- Available records -

= Beginning of Section =

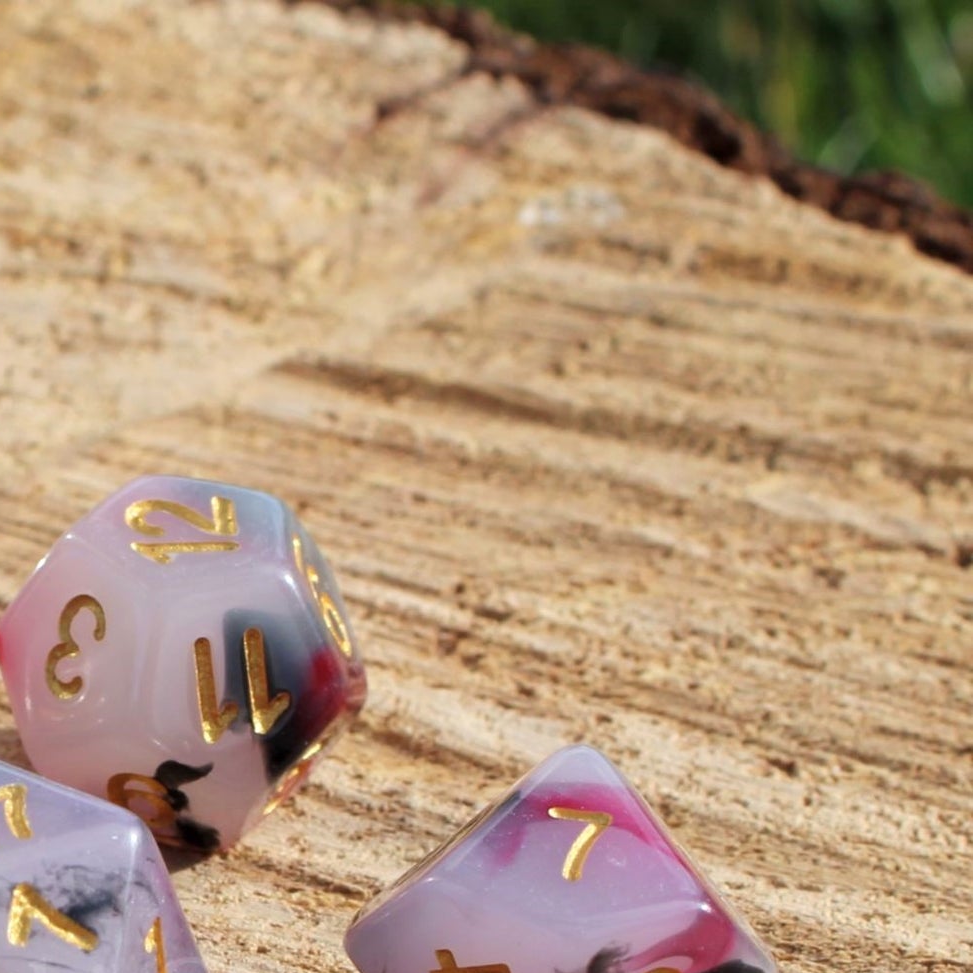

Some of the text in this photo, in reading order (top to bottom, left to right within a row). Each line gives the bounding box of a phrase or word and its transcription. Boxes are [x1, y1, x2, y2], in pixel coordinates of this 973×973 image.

[125, 496, 239, 564] 12
[45, 594, 106, 699] 3
[194, 627, 292, 744] 11
[547, 806, 613, 881] 7

= End of Section =

- Exercise details -
Please write the data out again exactly, but do not carry over the pictures.

- Result of the task -
Some of the text in this photo, in reading order (top to bottom, left to right within a row). Each line gives the bounding box of a phrase or word and its transcription. Boxes are [x1, y1, x2, y2], in pixel coordinates of this 973×973 image.

[125, 496, 239, 564] 12
[45, 594, 106, 699] 3
[194, 627, 292, 744] 11
[547, 806, 613, 881] 7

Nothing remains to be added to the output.